4. Make a boat out of recycled materials: Before you throw out that milk carton, why not put it to use? Let kids design their own boats using whatever you might have around the house. The project will teach them the properties of different materials and let them engage in some educational play.
5. Try the egg drop challenge: Challenge kids to build a container for an egg that can survive a drop from a given height. Let your mini-engineers use recycled materials, office supplies, or whatever else you might have handy. Then test out their designs somewhere you can get messy. Check out the lesson plan from The Boston Children’s Museum to find out how to do it.
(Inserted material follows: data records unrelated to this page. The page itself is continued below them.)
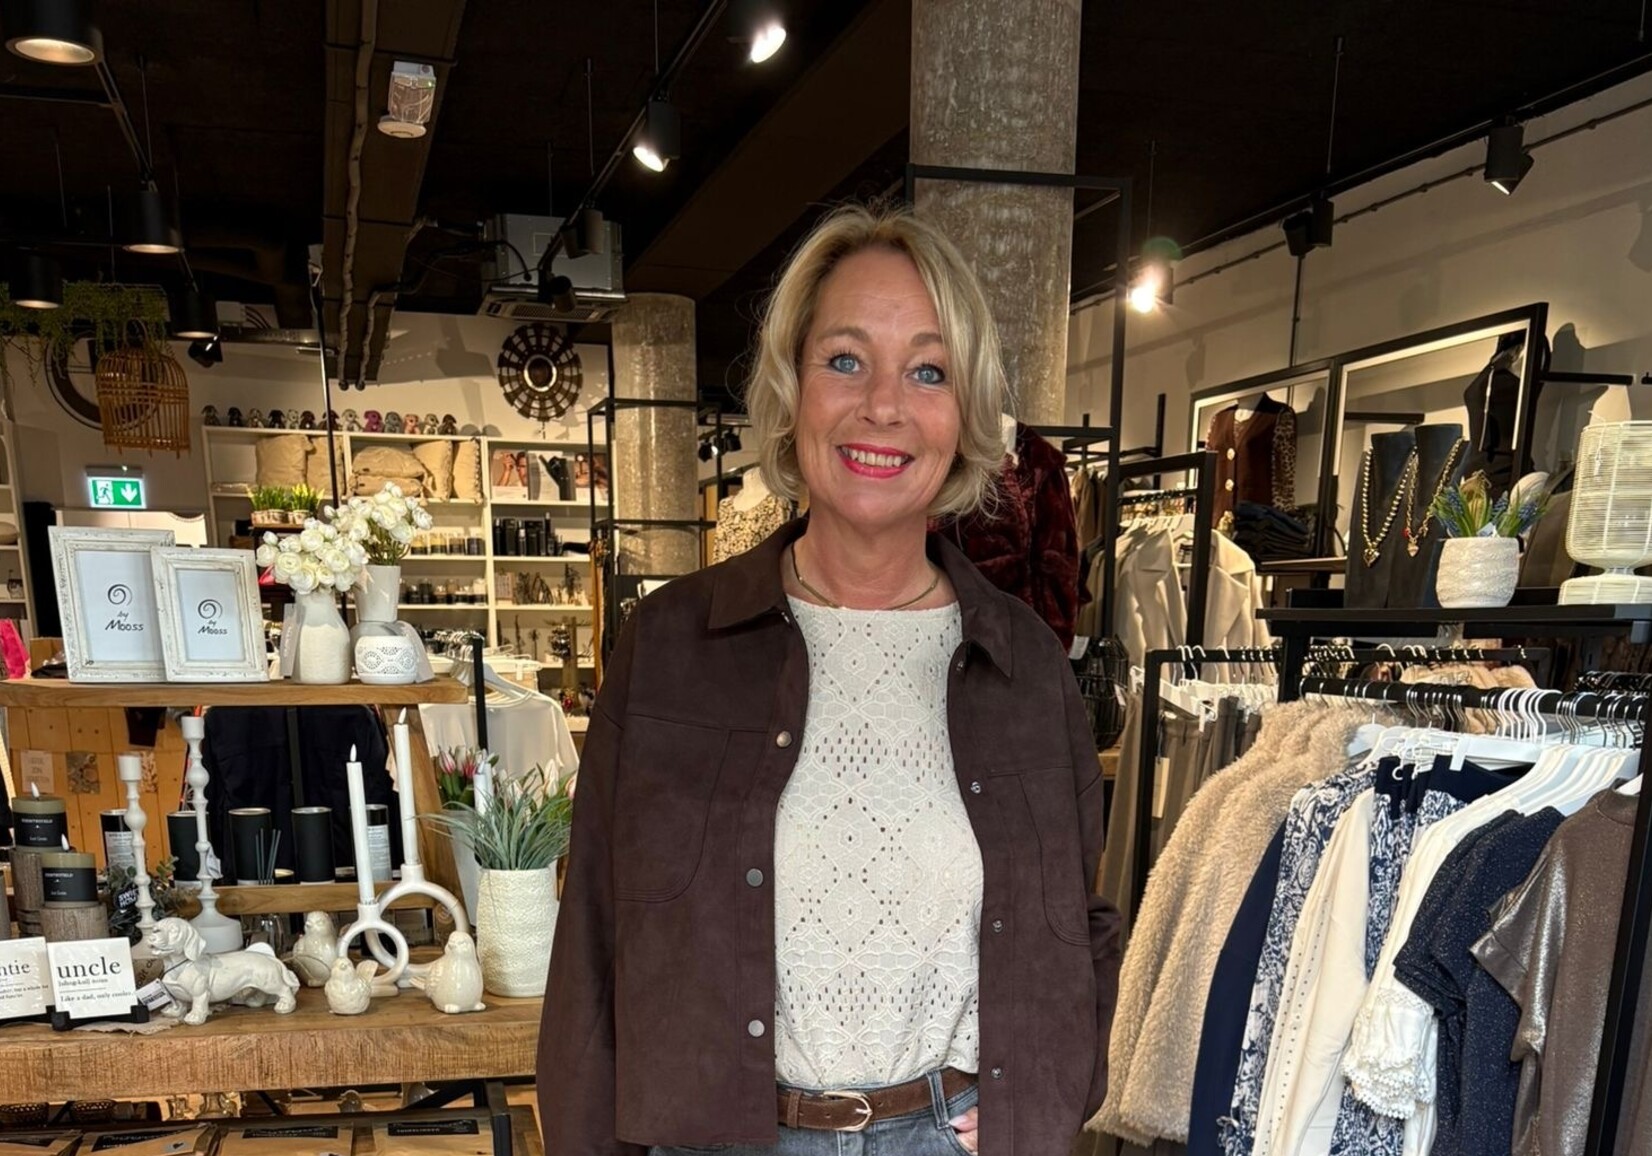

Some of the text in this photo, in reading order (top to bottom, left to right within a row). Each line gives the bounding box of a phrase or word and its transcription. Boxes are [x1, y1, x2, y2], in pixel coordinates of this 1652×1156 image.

[117, 610, 129, 621] by
[105, 619, 144, 631] Mooss
[197, 626, 228, 635] Mooss
[56, 956, 122, 979] uncle
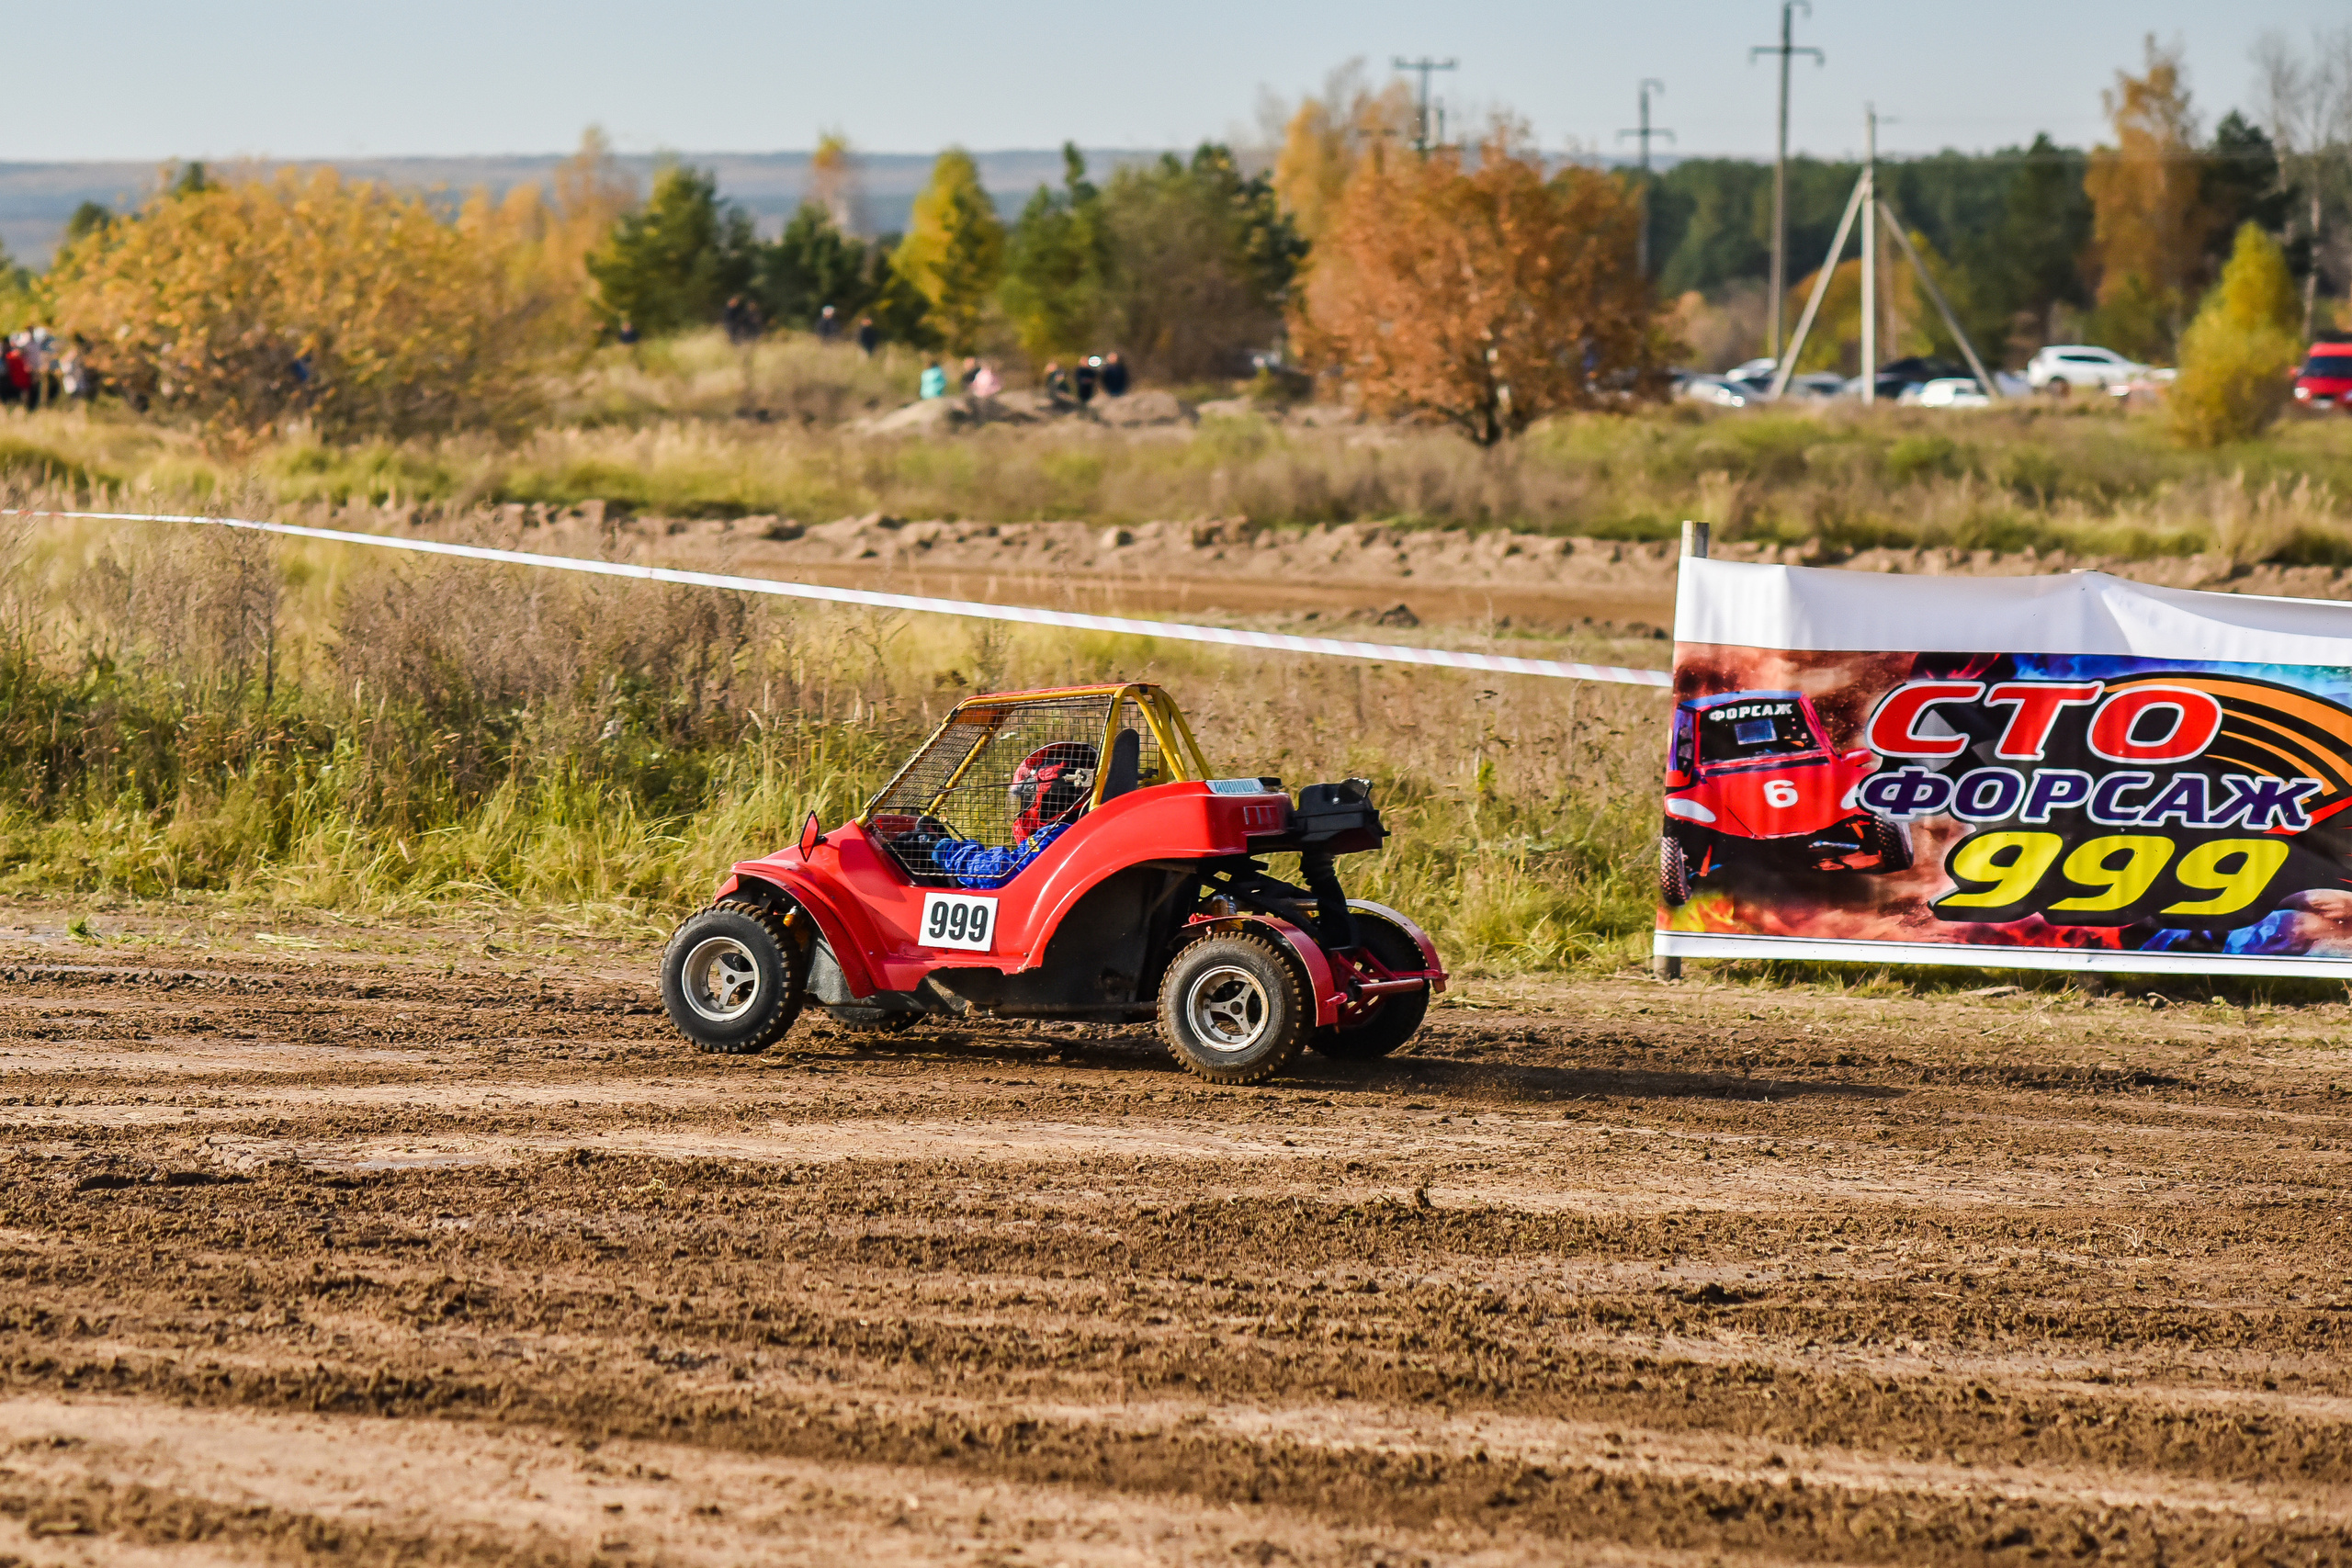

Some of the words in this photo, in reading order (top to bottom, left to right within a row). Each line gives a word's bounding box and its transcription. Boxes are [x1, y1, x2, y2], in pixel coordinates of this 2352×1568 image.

[1709, 704, 1792, 721] ФОРСАЖ
[1867, 681, 2222, 762] СТО
[1763, 780, 1799, 808] 6
[1860, 766, 2323, 830] ФОРСАЖ
[1938, 831, 2290, 916] 999
[928, 901, 989, 942] 999
6. Candy construction: Give your children gumdrops, jelly beans, or mini-marshmallows, along with a box of round toothpicks. Then let the kids turn all that candy into a delicious three-dimensional design. Take a look at the Exploratorium’s directions for inspiration.
7. Make oobleck: What’s oobleck, you ask? It’s an irresistibly slimy mixture named after the substance in Dr. Seuss’s book Bartholomew and the Oobleck. You can create your own oobleck at home by combining cornstarch and water with a little food dye. Oobleck is a non-Newtonian fluid—a fancy name for something that acts like both a liquid and a solid, and kids will have a blast experimenting with it.
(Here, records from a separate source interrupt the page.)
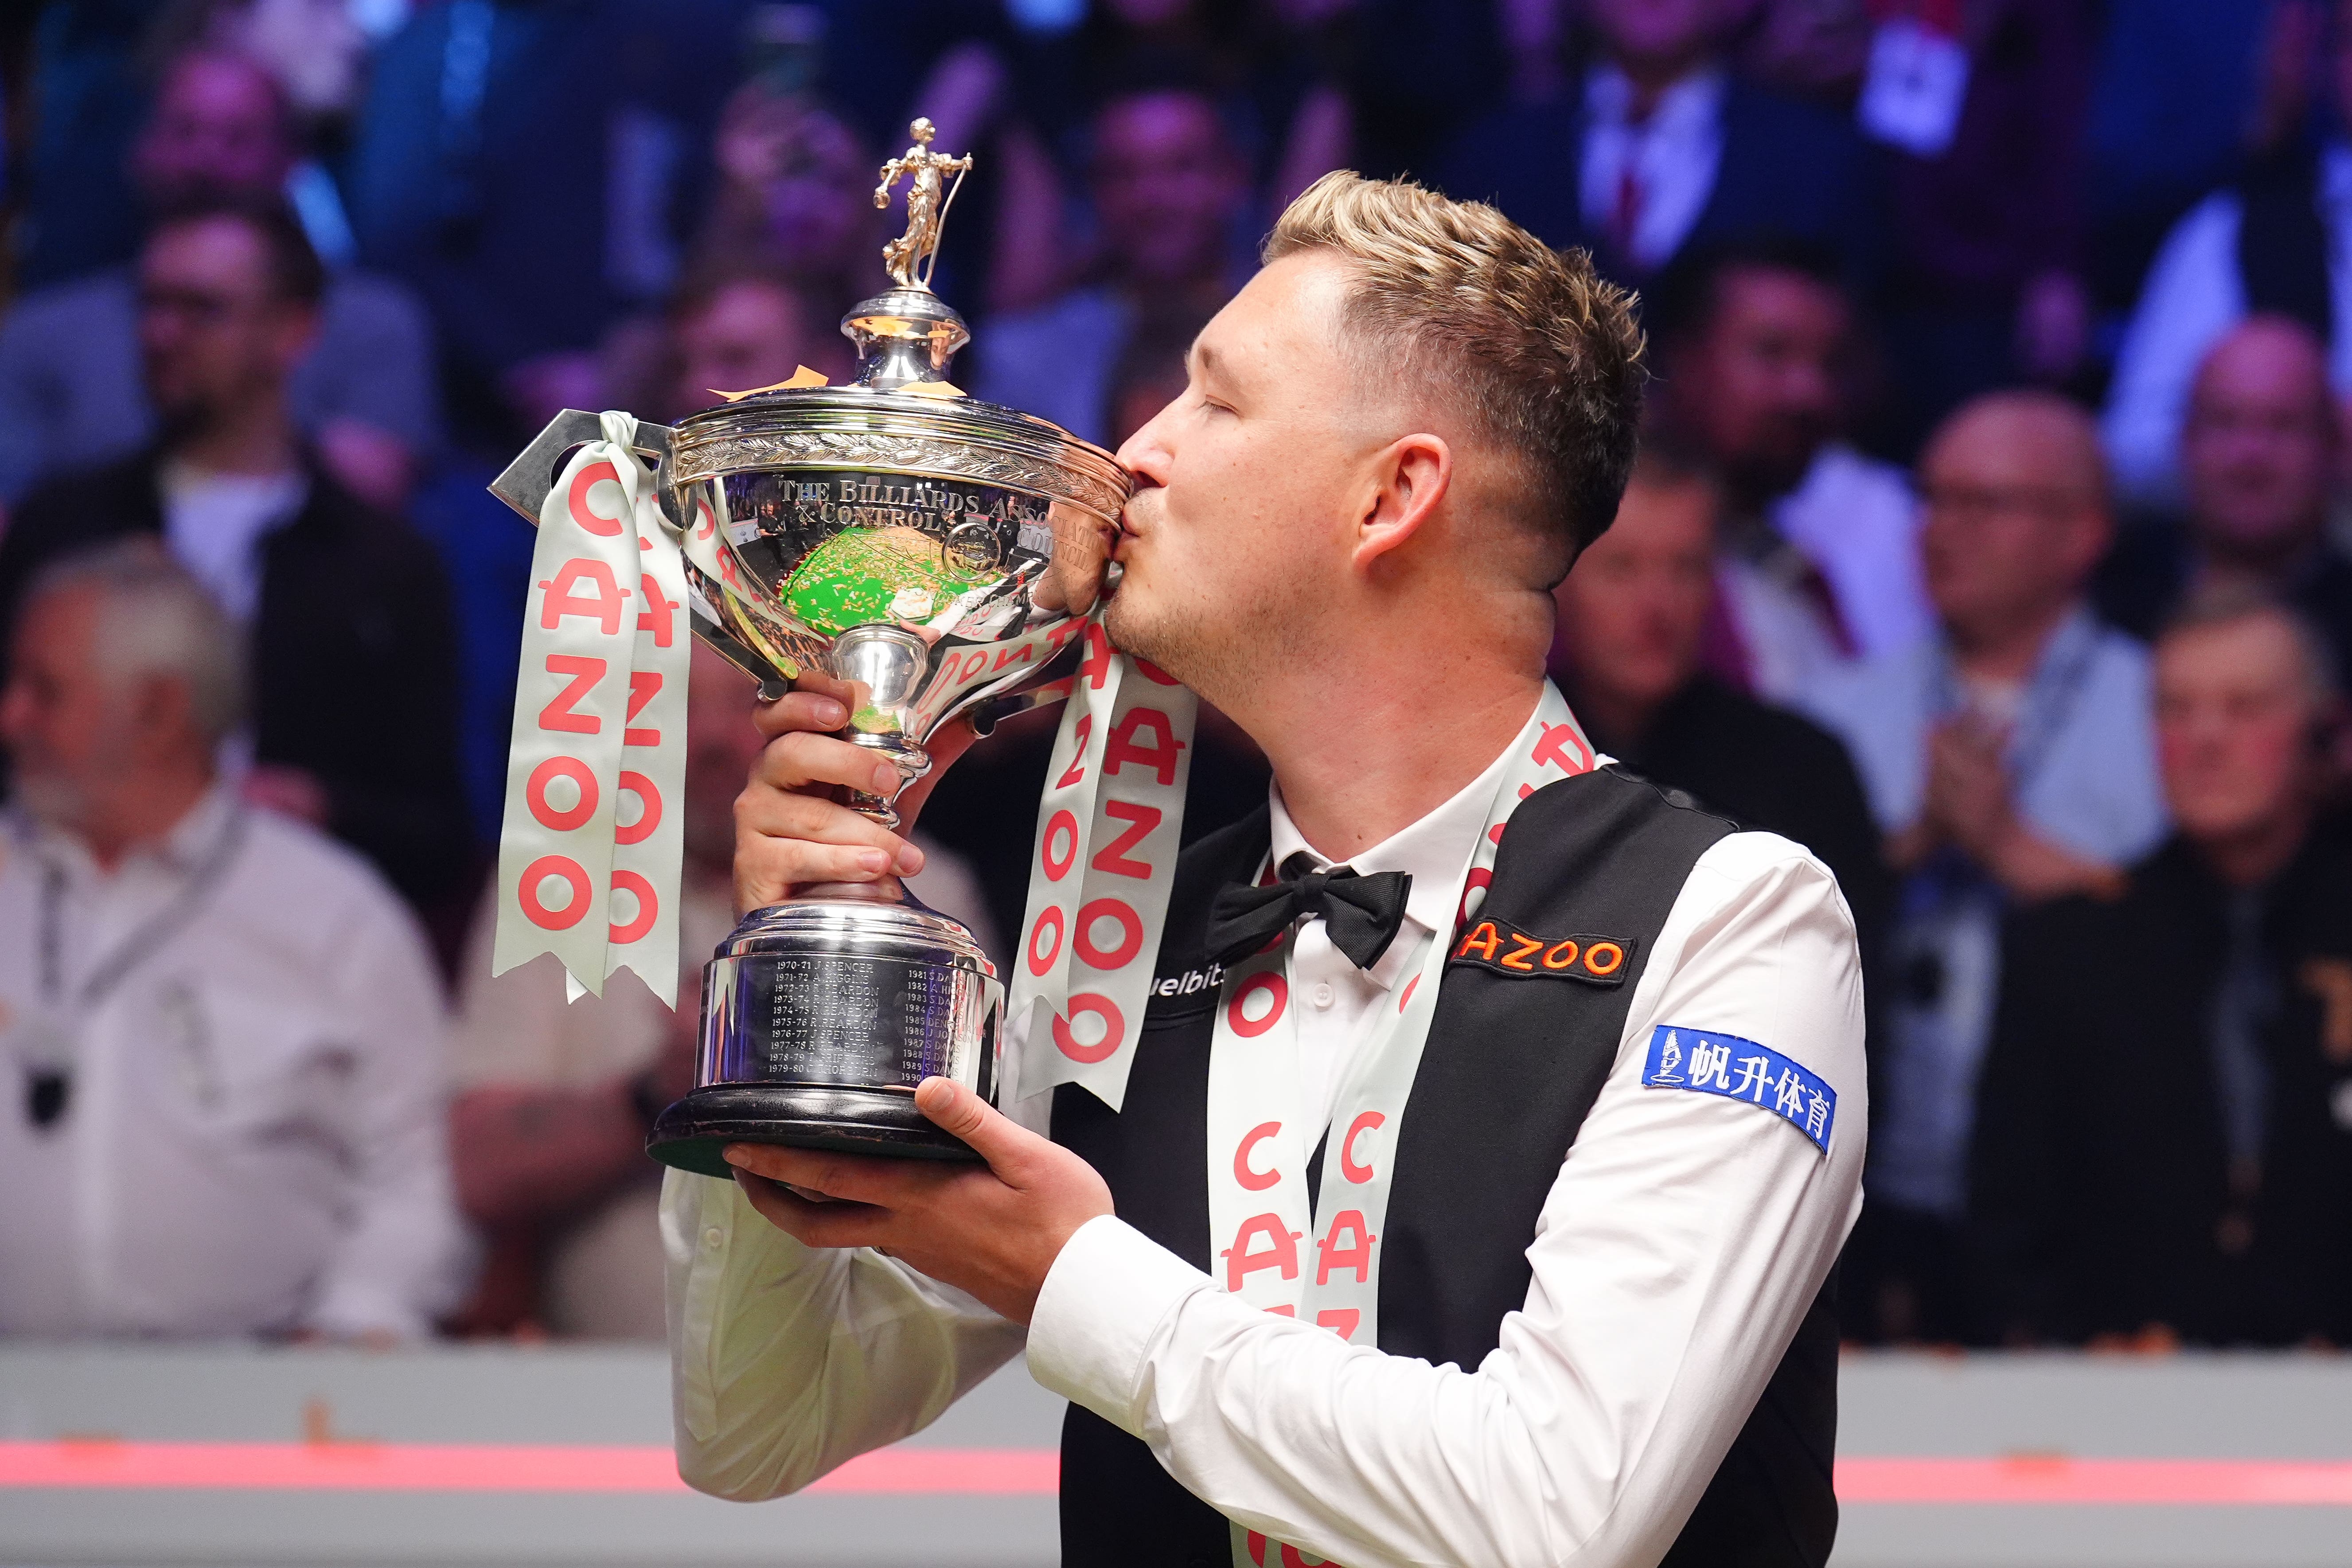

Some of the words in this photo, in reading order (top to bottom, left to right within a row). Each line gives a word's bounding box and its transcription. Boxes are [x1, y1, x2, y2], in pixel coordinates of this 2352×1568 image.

[778, 480, 830, 502] THE
[839, 480, 979, 514] BILLIARDS
[796, 505, 817, 523] &
[820, 502, 942, 531] CONTROL
[518, 461, 631, 931] CAZOO
[1028, 622, 1121, 976] AZOO
[1052, 658, 1186, 1063] AZOO
[1451, 922, 1624, 975] AZOO
[777, 961, 811, 970] 1970-71
[776, 973, 809, 982] 1971-72
[909, 970, 927, 980] 1981
[1149, 962, 1226, 997] elbit
[775, 984, 810, 993] 1972-73
[908, 982, 928, 992] 1982
[774, 995, 810, 1003] 1973-74
[907, 993, 927, 1002] 1983
[773, 1006, 810, 1014] 1974-75
[905, 1004, 926, 1014] 1984
[772, 1018, 807, 1027] 1975-76
[905, 1015, 925, 1025] 1985
[928, 1018, 958, 1030] DENS
[772, 1030, 808, 1038] 1976-77
[905, 1026, 925, 1036] 1986
[937, 1030, 972, 1043] JONSON
[771, 1041, 807, 1050] 1977-78
[904, 1038, 924, 1048] 1987
[934, 1041, 961, 1053] DAVIS
[769, 1053, 805, 1062] 1978-79
[903, 1049, 923, 1059] 1988
[933, 1053, 960, 1065] DAVIS
[769, 1065, 804, 1073] 1979-80
[902, 1061, 922, 1070] 1989
[933, 1064, 959, 1077] DAVIS
[901, 1073, 922, 1082] 1990
[1688, 1039, 1831, 1139] 帆升体育
8. Grow plants: Even if you don’t have a garden, you still show kids how plants grow. A child can “plant” a dry bean using a damp paper towel and a clear plastic cup. Kids can even test different growing conditions to see if plants grow better in the light or in the dark. Take a look at the directions on the Science Sparks website to find out how to set up this kind of experiment.
9. Create a walking rainbow: Show how water can take a walk in this easy, colorful science project. You’ll just need a few clear glasses, paper towels, food dye, and a little time to make your own rainbow. Check out the full set of directions on STEAMsational's page.
10. Math facts dominos: Turn learning math into a fun game. Just add stickers with math facts to popsicle sticks and let your child play. Visit PlayDough to Plato for a detailed guide to setting up this activity.
11. Hold a shape scavenger hunt: Ask kids to find different shapes around the house. You can up the difficulty level for older children by asking them to find certain types of angles or more difficult shapes. If the children can’t find enough examples in your house, let them go on a digital scavenger hunt instead!